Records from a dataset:
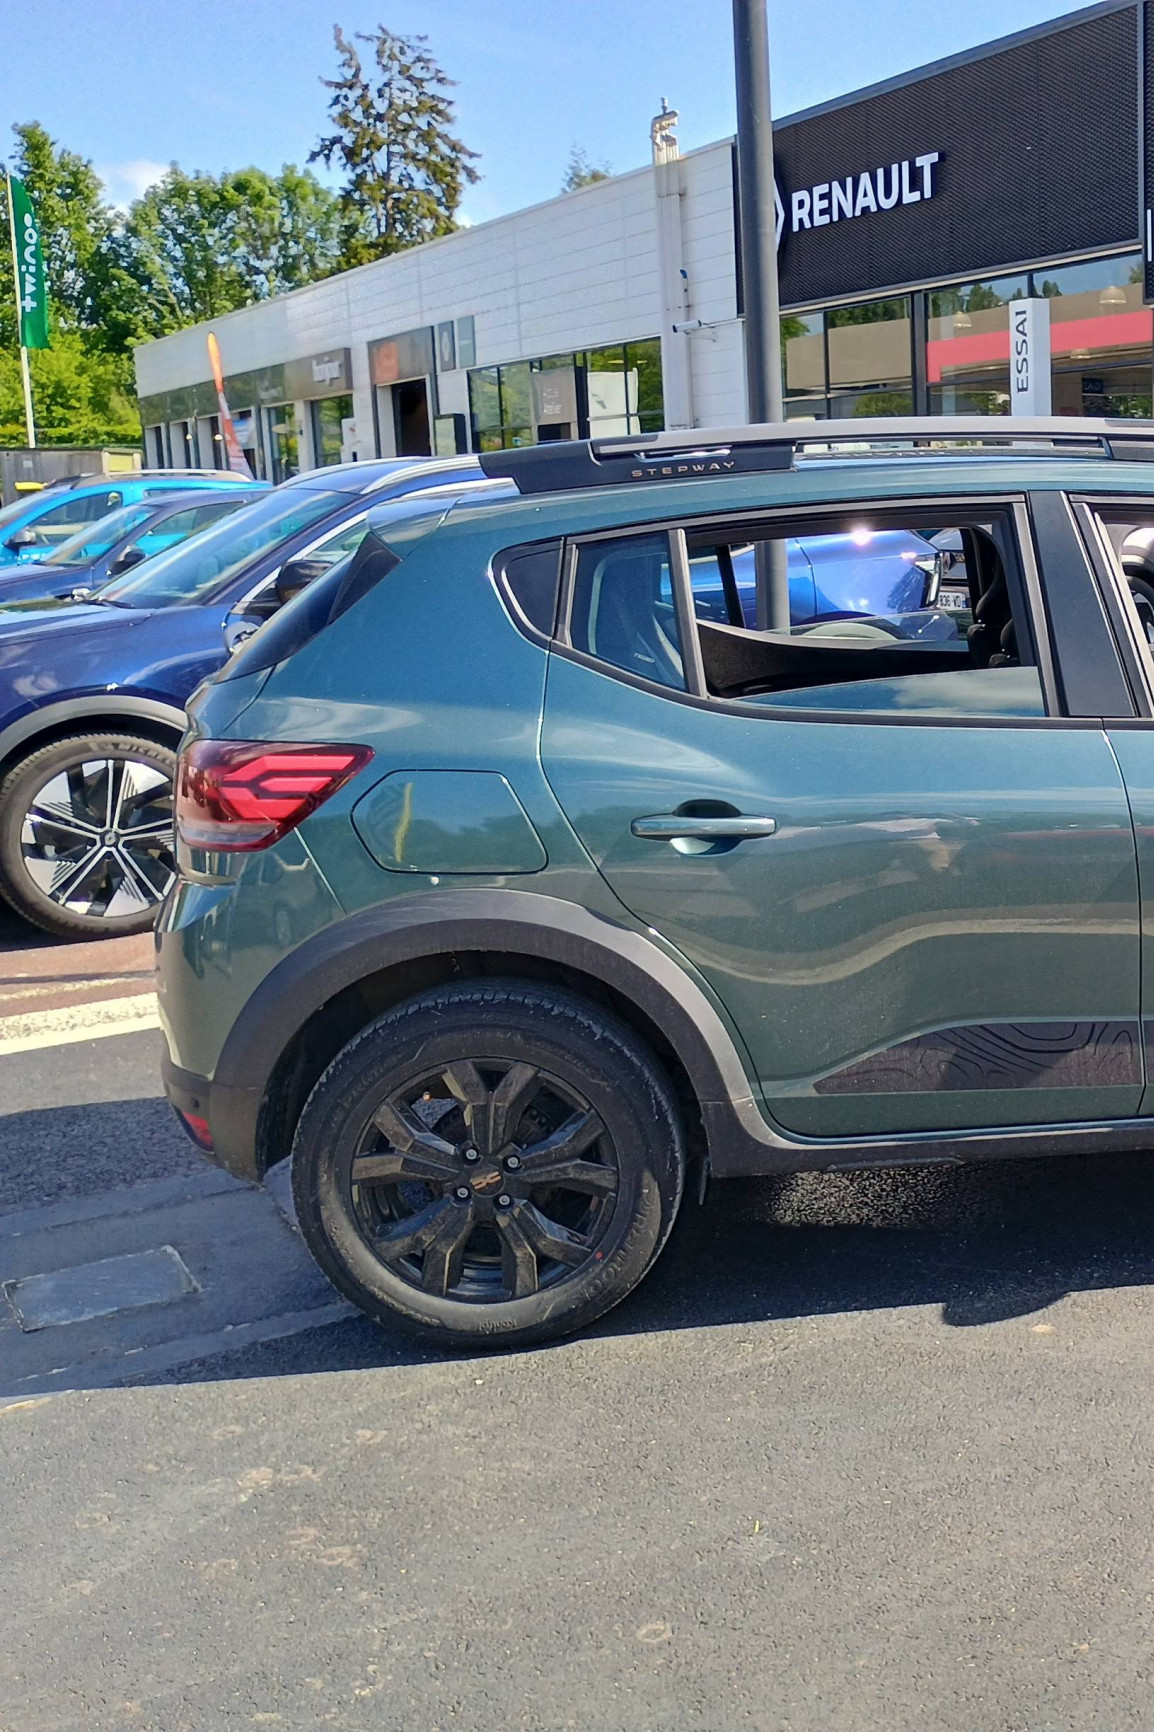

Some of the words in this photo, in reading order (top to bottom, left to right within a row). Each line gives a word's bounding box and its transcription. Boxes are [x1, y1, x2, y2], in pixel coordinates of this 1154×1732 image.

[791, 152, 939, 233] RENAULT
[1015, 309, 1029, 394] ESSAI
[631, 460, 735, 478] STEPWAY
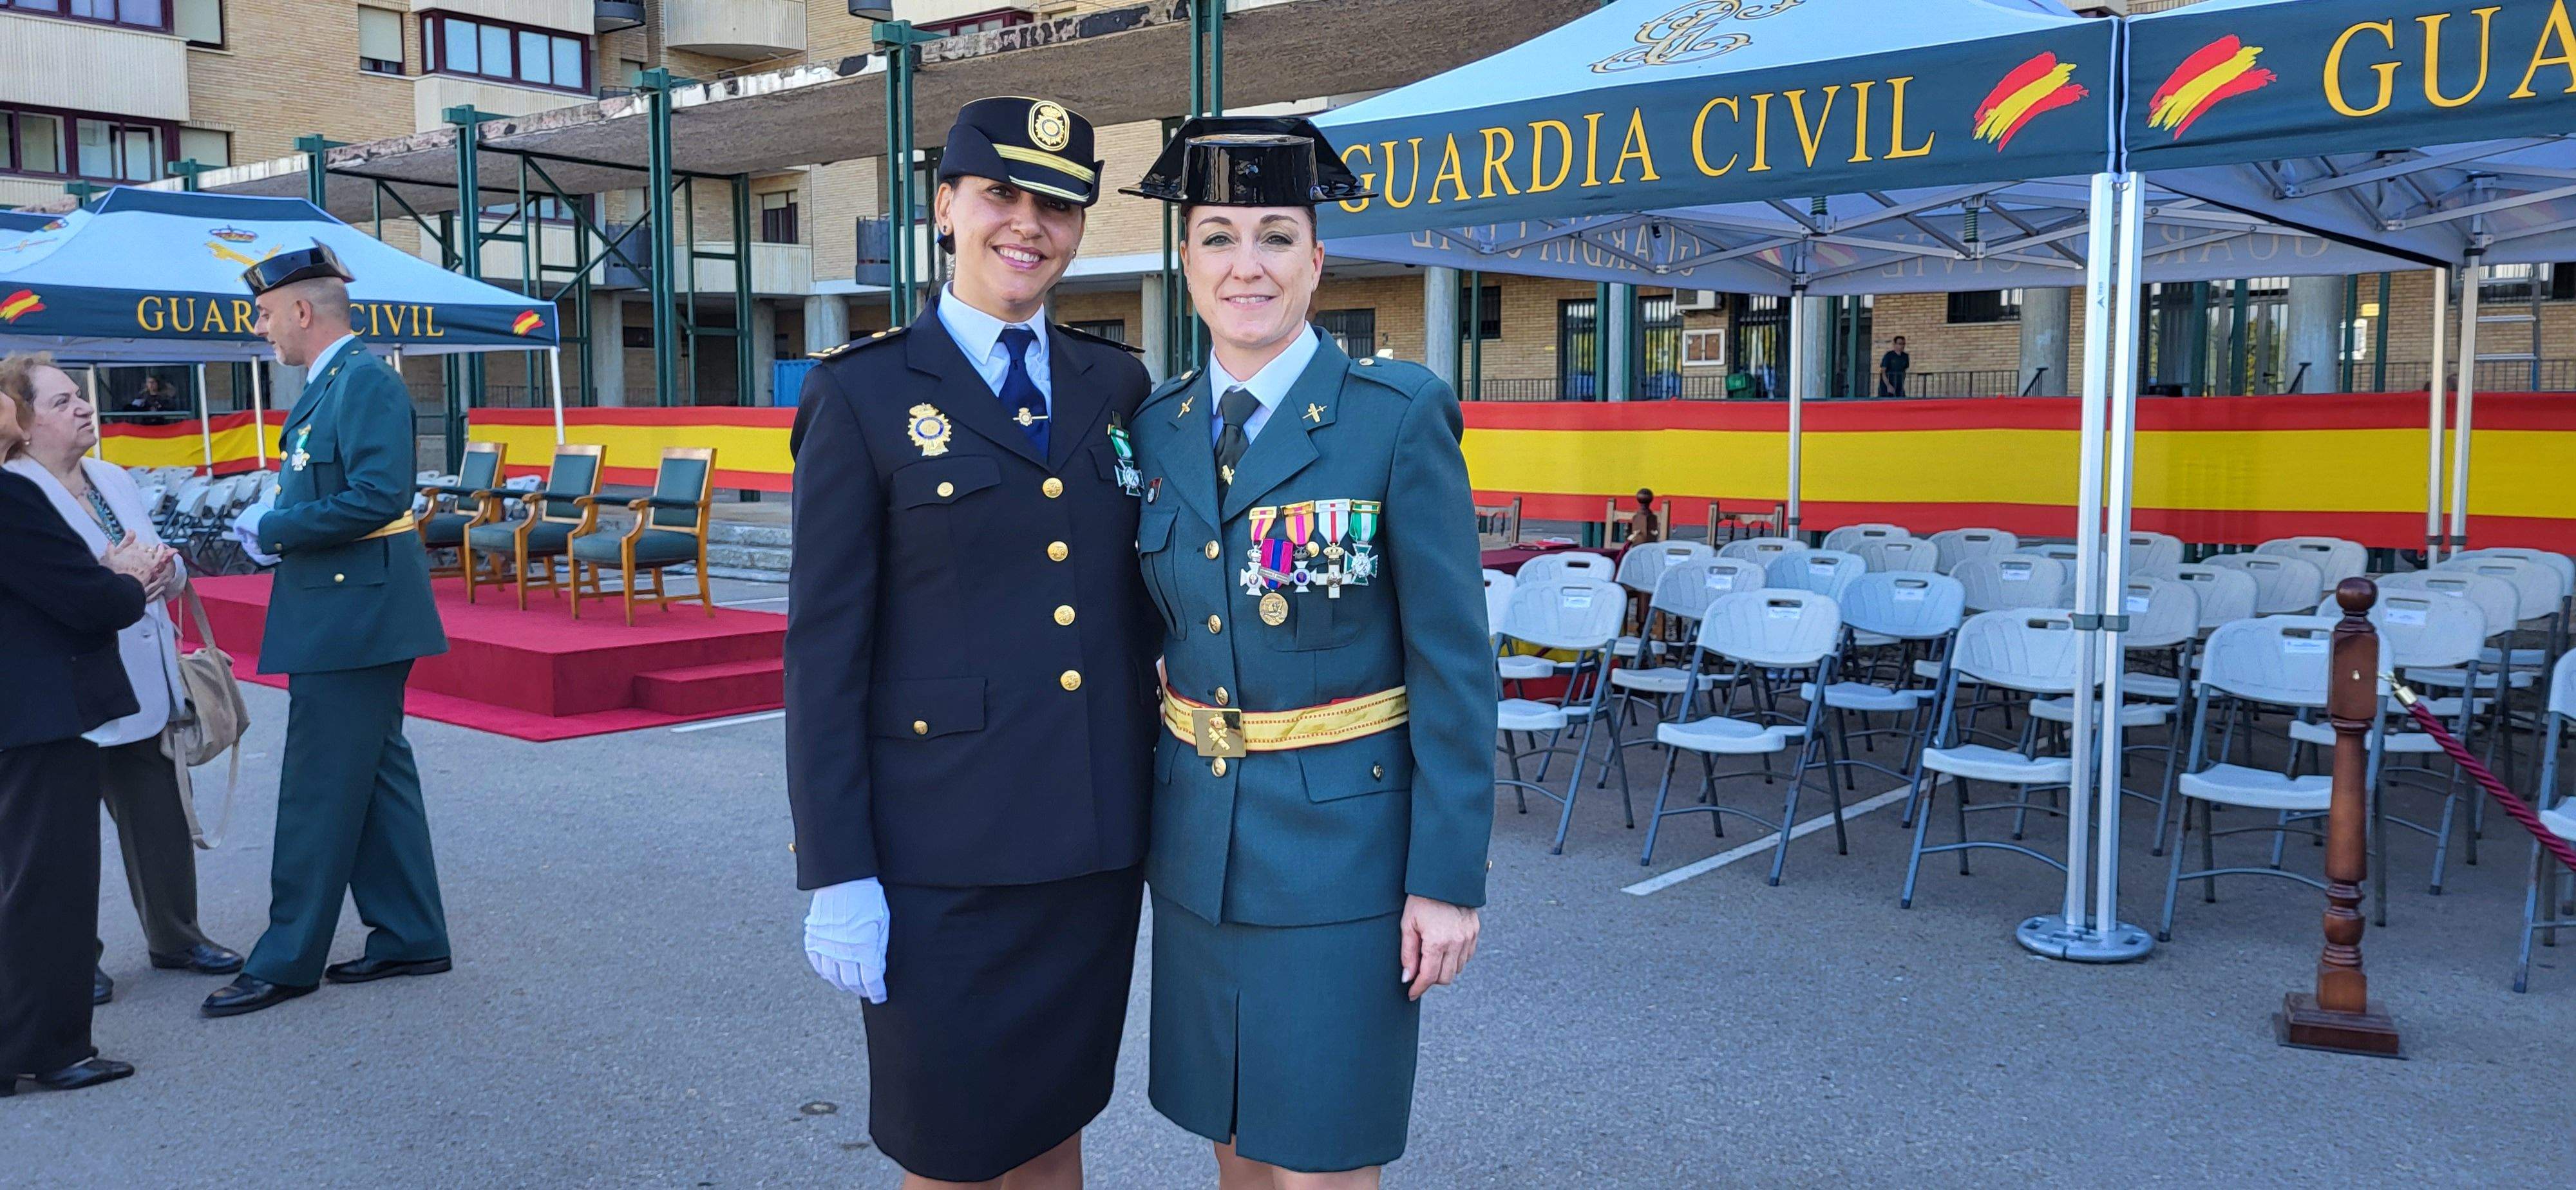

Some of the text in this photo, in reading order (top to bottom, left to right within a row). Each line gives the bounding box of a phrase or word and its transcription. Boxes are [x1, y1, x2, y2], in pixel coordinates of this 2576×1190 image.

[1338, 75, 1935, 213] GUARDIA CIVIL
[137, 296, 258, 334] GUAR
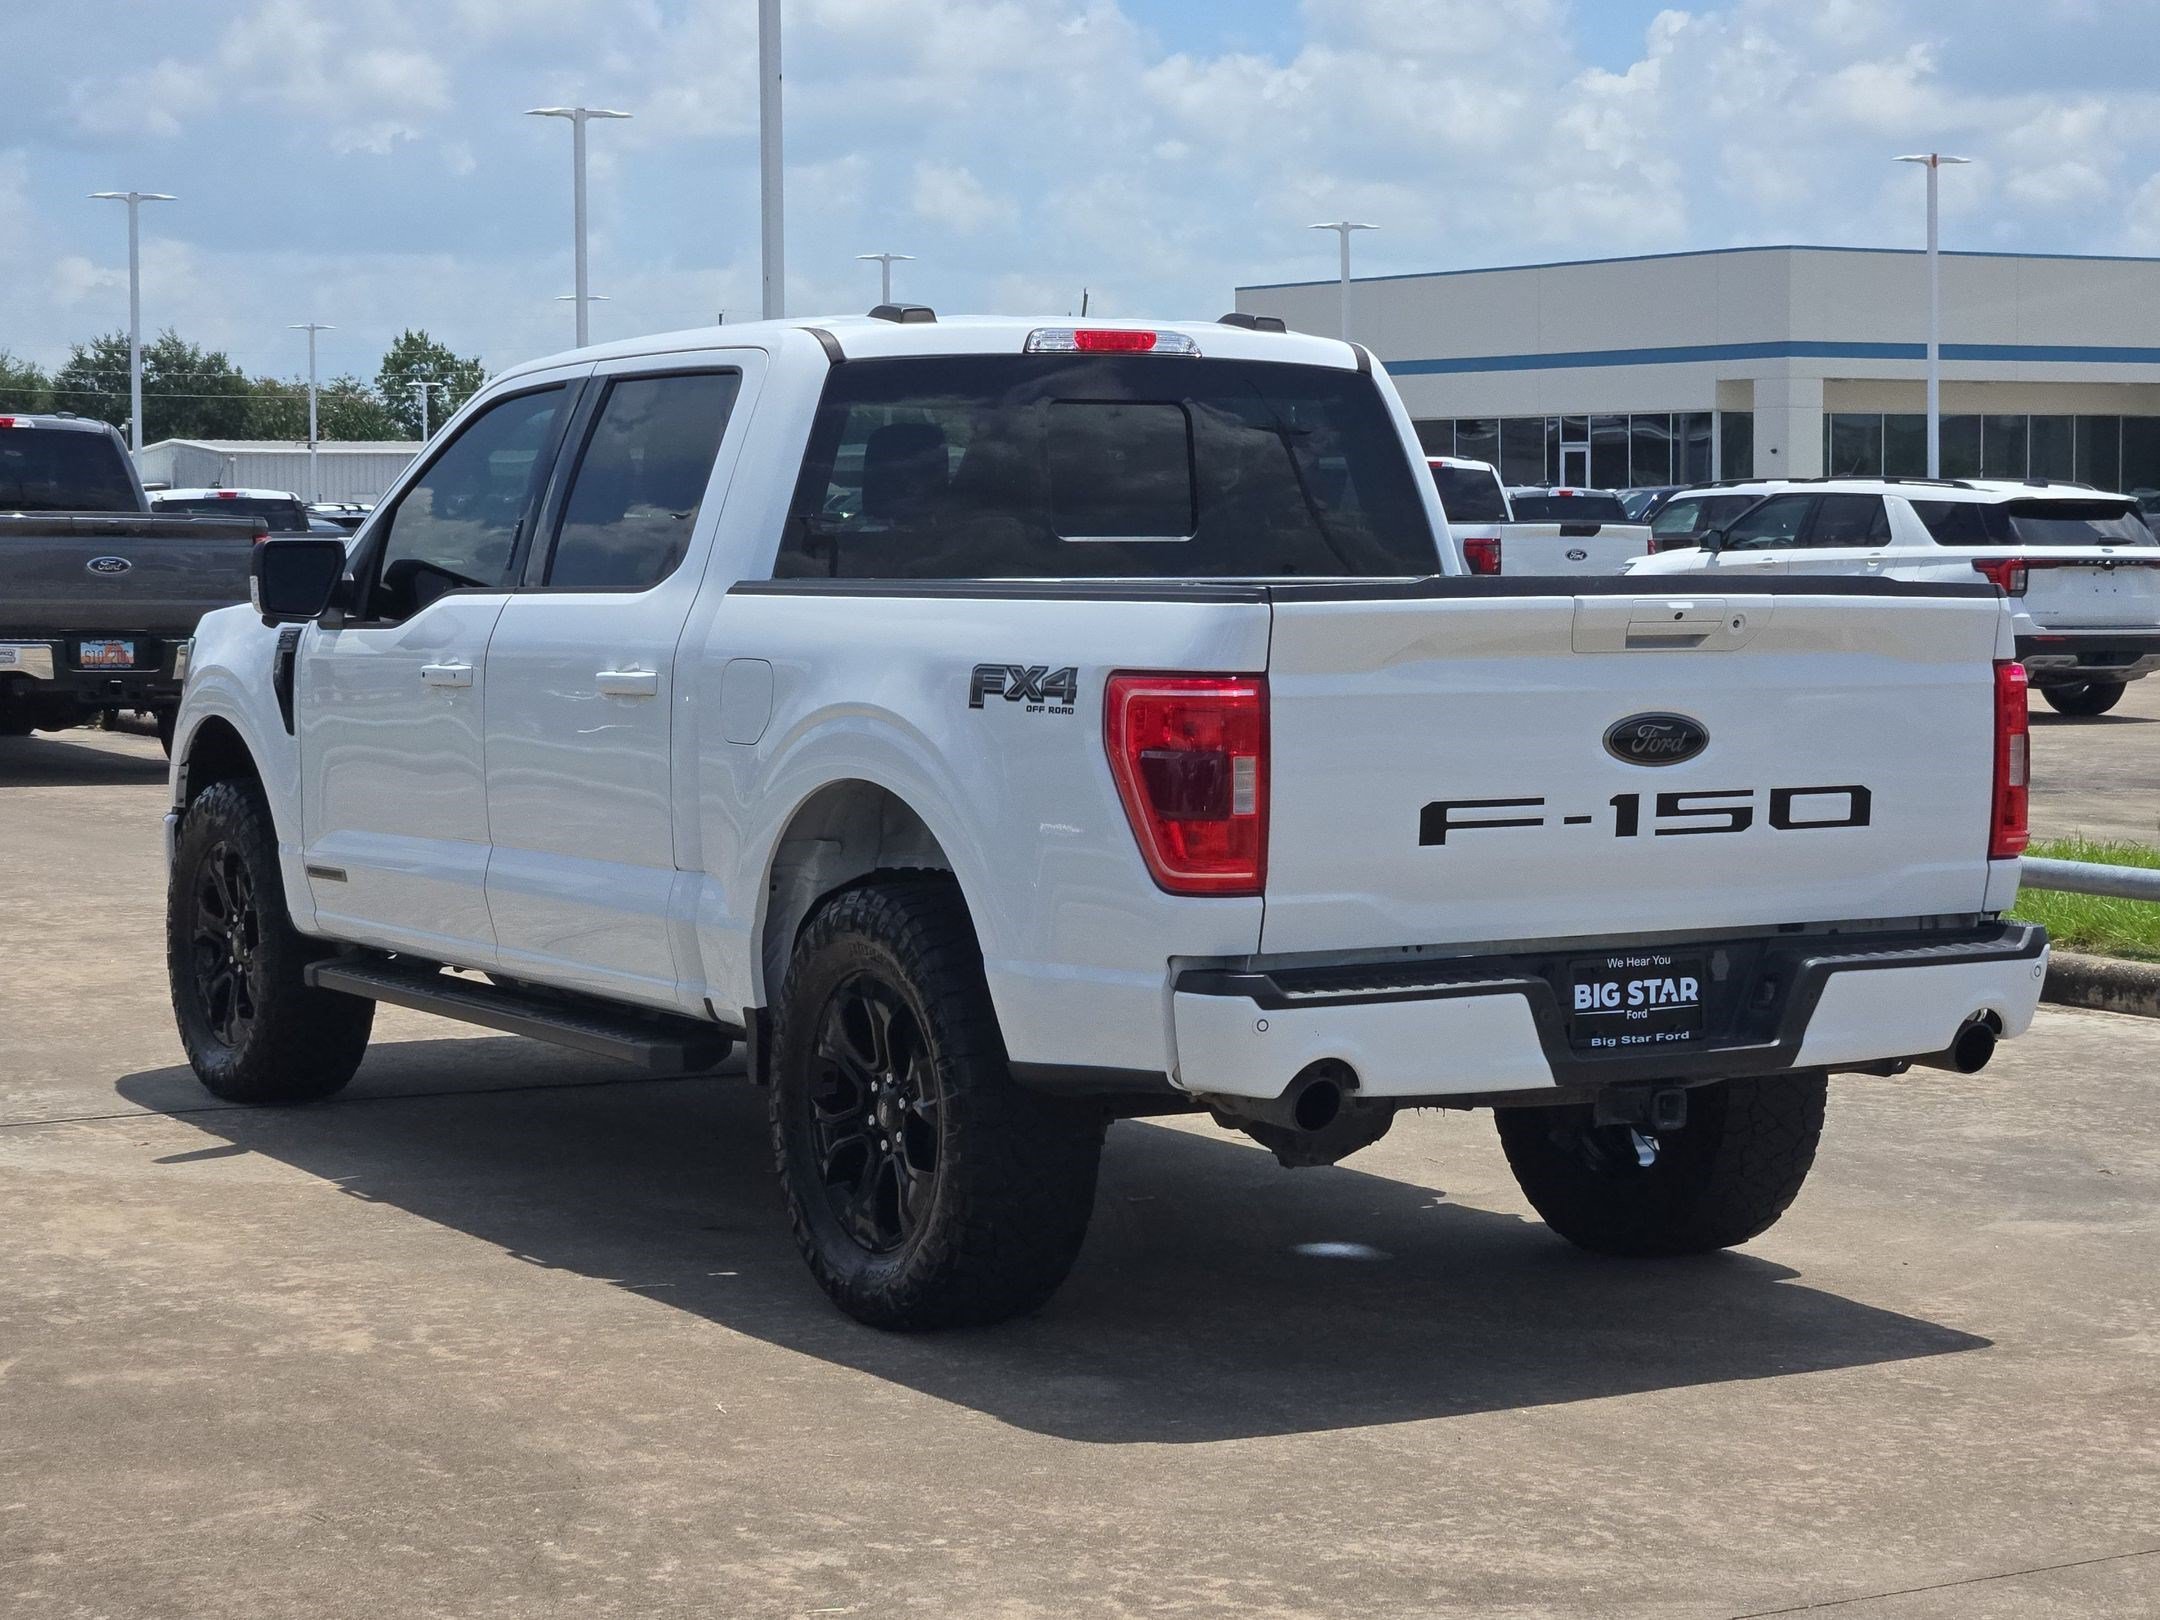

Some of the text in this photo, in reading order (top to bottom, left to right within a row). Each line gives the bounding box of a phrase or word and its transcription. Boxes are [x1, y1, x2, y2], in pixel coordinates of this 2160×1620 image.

● **YOUR INSTRUCTIONS**
Write the lines from the one containing "this 2576×1190 image." through the end of the data above exactly as they appear, and do not carry over any picture.

● **COMPLETED EXERCISE**
Some of the text in this photo, in reading order (top to bottom, left to right within a row). Each line gives the bounding box of a phrase or word and its transcription. Boxes are [x1, y1, x2, y2], in pixel coordinates of this 2576×1190 image.

[1338, 75, 1935, 213] GUARDIA CIVIL
[137, 296, 258, 334] GUAR

Some of the text in this photo, in reading order (top to bottom, left to right within a row). Each line gives the bounding box of a phrase or word and its transcription. Boxes are [x1, y1, x2, y2], in pixel coordinates of this 2160×1620 image.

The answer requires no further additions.